Thanks so much for reading my columns and reaching out via the comments. It's lovely to hear from you - Happy New Year! I am so glad to hear the forums and these posts are helpful to you in better understanding IPF, I know it can be a lot to digest and I've also learned a lot from the others who are willing to share. Good approach, albeit hard, to look forward vs backwards... kudos to you, my friend. Take care and keep on keeping on!
Take good care,
Char.

Hi Charlene,
I am the newbie on the forum -- recently diagnosed after seven months of CT's and other tests. Before reading other's experiences on this site I thought my medical support was exhibiting an unwillingness to be honest with me. I now know this malady was driving them to do a thorough evaluation for my sake. I am 82 years young trying to adjust to my new normal. We oldies don't like change you know but we have so much life experience to fallback on during crisis. I will adjust and do my best to go forward in the time I have left. Your forum ( I read ever submission by the group and your responses in one sitting) developed my knowledge of IPF; its challenges and how others in the group have responded to their life changes. Thank you so much all of you. Please continue to share and help us all.

Hi Ed,

Thank you so much for reading my columns and reaching out via the comments. Sorry to hear of your recent diagnosis, but glad to hear you've found conversation on the forum helpful. Speaking with others who have endured the same experience(s) is truly invaluable, I'm glad you've found us. Keep up the great attitude and attempting to adjust, it will pay off. Thanks again for your kind words.
Take care,
Char.

Another newbie here…63 years old and diagnosed in January 2022. In hindsight, I realize I was having symptoms for a couple years, but things got pretty bad in July so was sent to a pulmonologist and, like everyone else here, went through months of testing before getting a diagnosis. It helps to give it a name. All the information is a bit overwhelming right now plus this is so new to me that it’s hard to have any indication of what the journey will be like for me. Articles like this are especially helpful, especially with all the folks adding comments. Thank you to all you brave survivors of this willing to share with us newbies. Despite the challenges, you give me hope that I can be strong through this, too, and appreciate whatever life has to offer me along the way.

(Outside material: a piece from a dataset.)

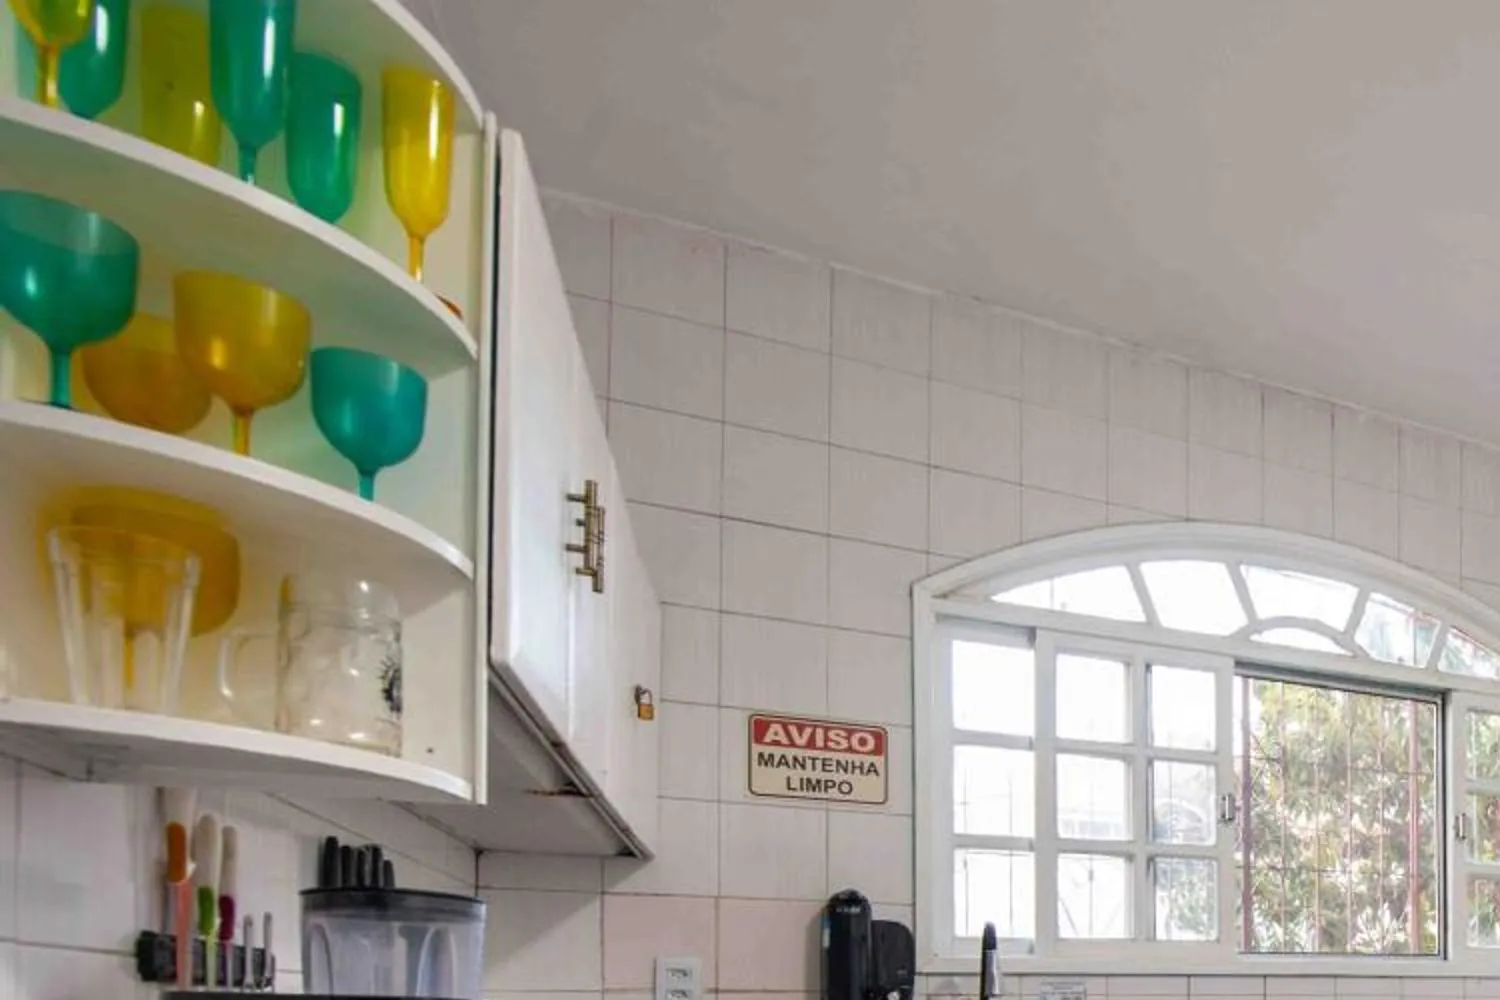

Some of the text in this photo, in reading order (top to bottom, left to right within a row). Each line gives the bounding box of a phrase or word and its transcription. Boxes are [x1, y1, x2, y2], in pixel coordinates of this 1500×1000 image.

[763, 723, 875, 753] AVISO
[757, 751, 880, 777] MANTENHA
[786, 775, 853, 795] LIMPO

Thanks for your kind words, Ginger! I appreciate you sharing your story and experience with us; it will inevitably help other readers feel like overwhelmed. Take good care,
Char.

Charlene, I’ve just discovered your “column “ and as a fellow IPF patient appreciate the opportunity to learn from others experience——I was diagnosed a couple of years ago and have felt quite alone with this atrocious malady—so thanks to you, and all your respondents for giving me the support of a knowledgeable community. I will be reading!
Bill Garrison

Hi Bill,

Thanks so much for your kind words on my column and for reaching out via the comments. I'm glad you're finding it helpful, and I completely agree; learning from others' experience is invaluable! You may also want to check our our PF News forums: http://pulmonaryfibrosisnews.com/forums/ ... lots of really helpful and supportive people on there, including lots of patients. Take care!
Char.

Daunting complex oppressive uncertain, I tried not to overthink it and so I quickly shot words off the top of my head that I feel when I am thinking about having PF. Out of all those words, I find the uncertainty is the worst. It's as if my life is "in limbo" or "on hold". It can be terribly daunting because it's like being stuck in a situation that has no remedy and/or definitive answer and so you have no expectations and you stay unsure of what's to happen or when it will happen etc...

Totally agree with your synopsis. Might add loneliness. A decease which plays on the mind.

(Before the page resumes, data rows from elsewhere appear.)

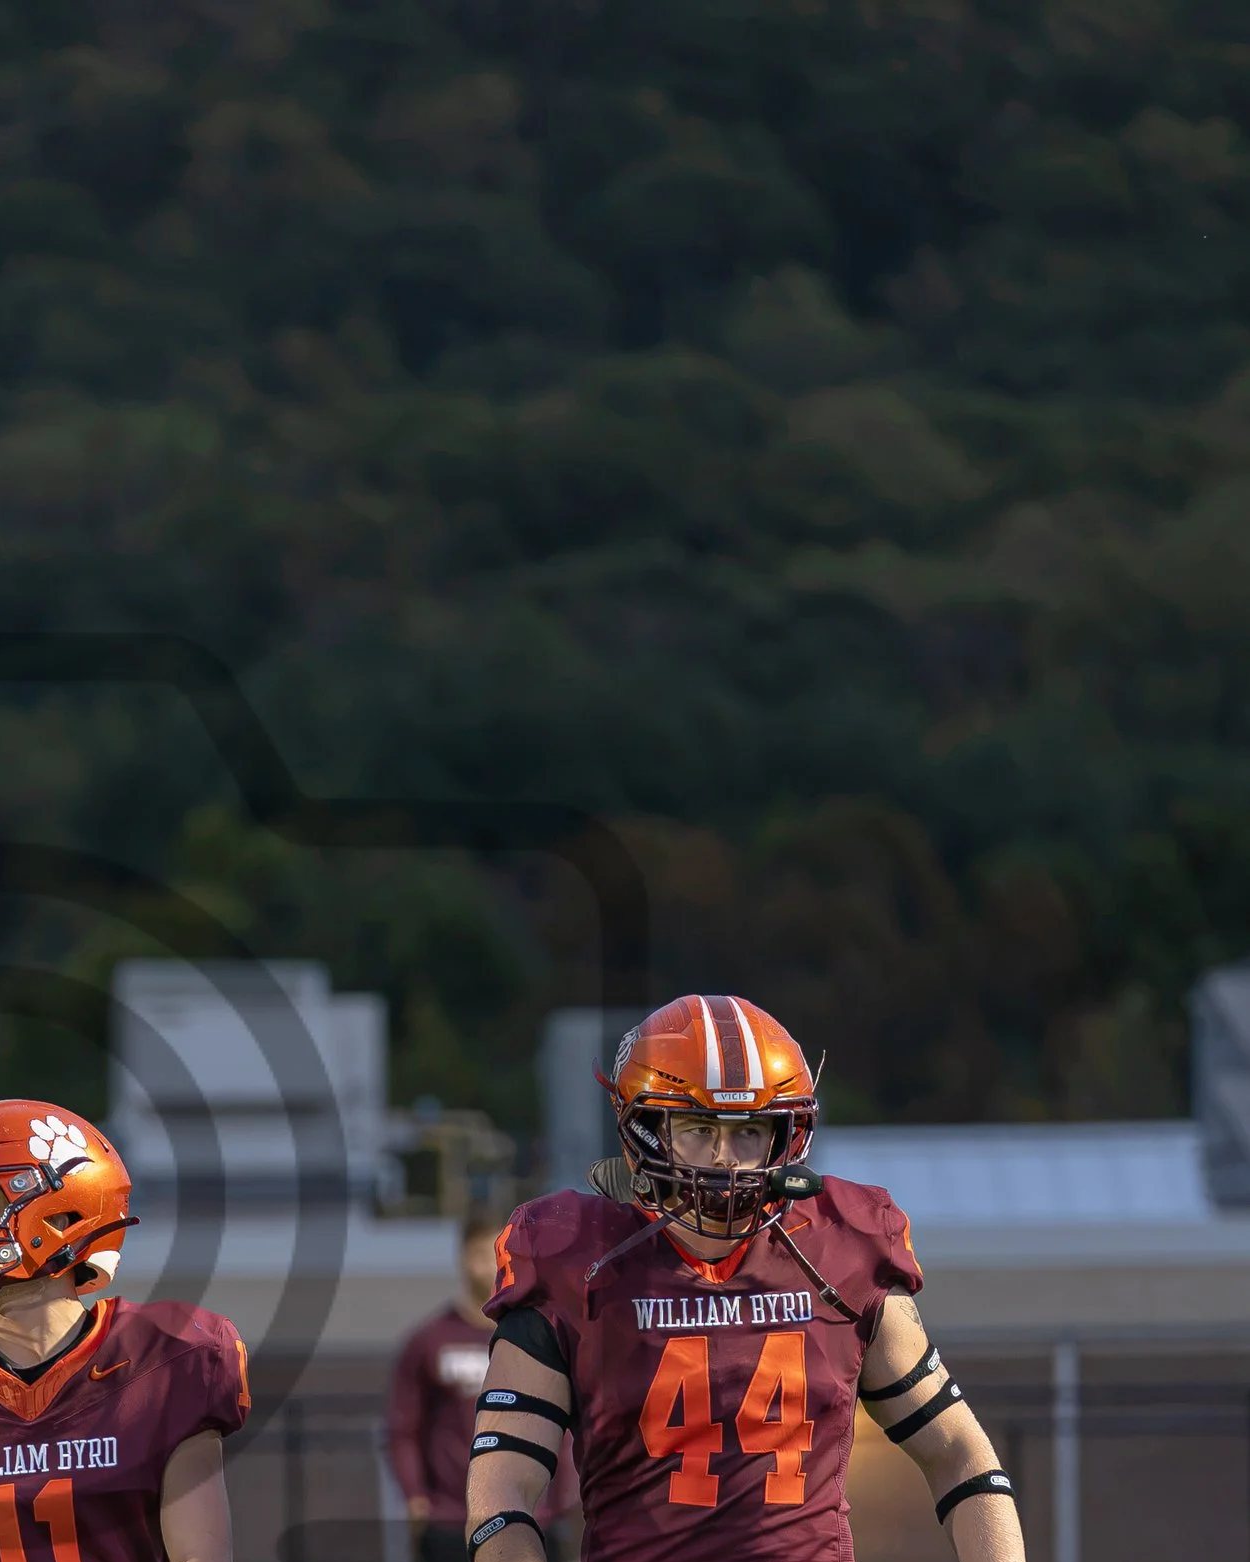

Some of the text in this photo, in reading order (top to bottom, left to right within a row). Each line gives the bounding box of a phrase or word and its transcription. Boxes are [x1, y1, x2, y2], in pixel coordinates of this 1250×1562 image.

[720, 1092, 748, 1101] VICIS
[632, 1291, 813, 1330] WILLIAM BYRD
[638, 1330, 815, 1508] 44
[56, 1436, 118, 1470] BYRD
[475, 1519, 503, 1542] BATTLE

I was diagnosed with IPF a year ago but started with symptoms February 2019. I had a very bad case of Covid and have not breathed well since. I have also had to start taking a beta blocker. I have not really believed the diagnosis to be correct, but I was diagnosed and am receiving care at Houston Methodist Hospital ILD Clinic. However, today it has hit me hard. Here are my 4 words:
Depressing
Exhausted
Sad
Angry
I just want it to go away. I want to be me.